> **TASK BRIEF**
Every entry is to be returned unchanged, and no picture is to be included.

* * * * * * *

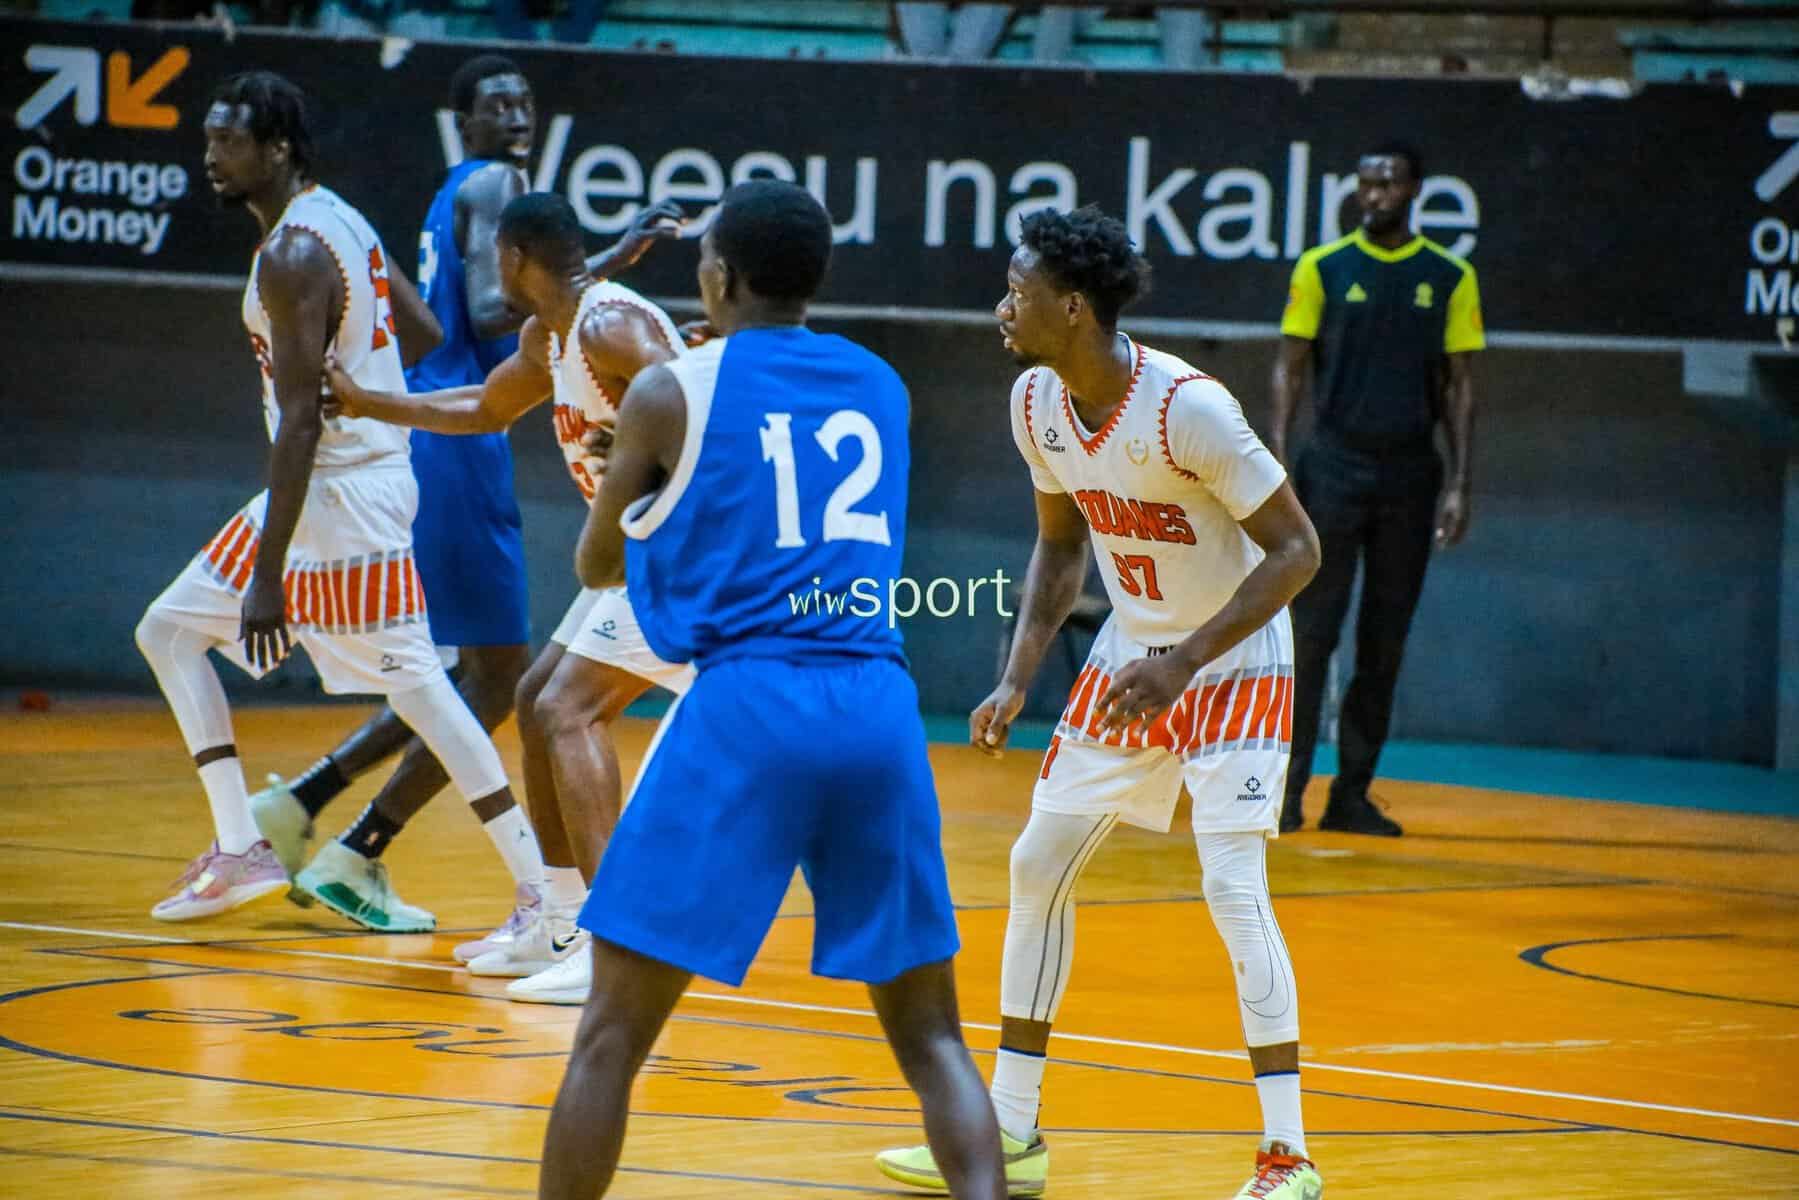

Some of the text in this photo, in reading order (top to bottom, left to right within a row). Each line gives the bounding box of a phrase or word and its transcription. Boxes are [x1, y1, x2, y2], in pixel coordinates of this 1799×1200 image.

[15, 145, 189, 206] Orange
[924, 158, 1078, 248] na
[13, 194, 171, 254] Money
[759, 410, 891, 548] 12

* * * * * * *

> **SOLUTION TO THE EXERCISE**
Some of the text in this photo, in reading order (top to bottom, left to right within a row). Each line gives the bounding box of a phrase or word and its transcription. Boxes are [x1, y1, x2, y2], in pixel coordinates of this 1799×1200 image.

[15, 145, 189, 206] Orange
[924, 158, 1078, 248] na
[13, 194, 171, 254] Money
[759, 410, 891, 548] 12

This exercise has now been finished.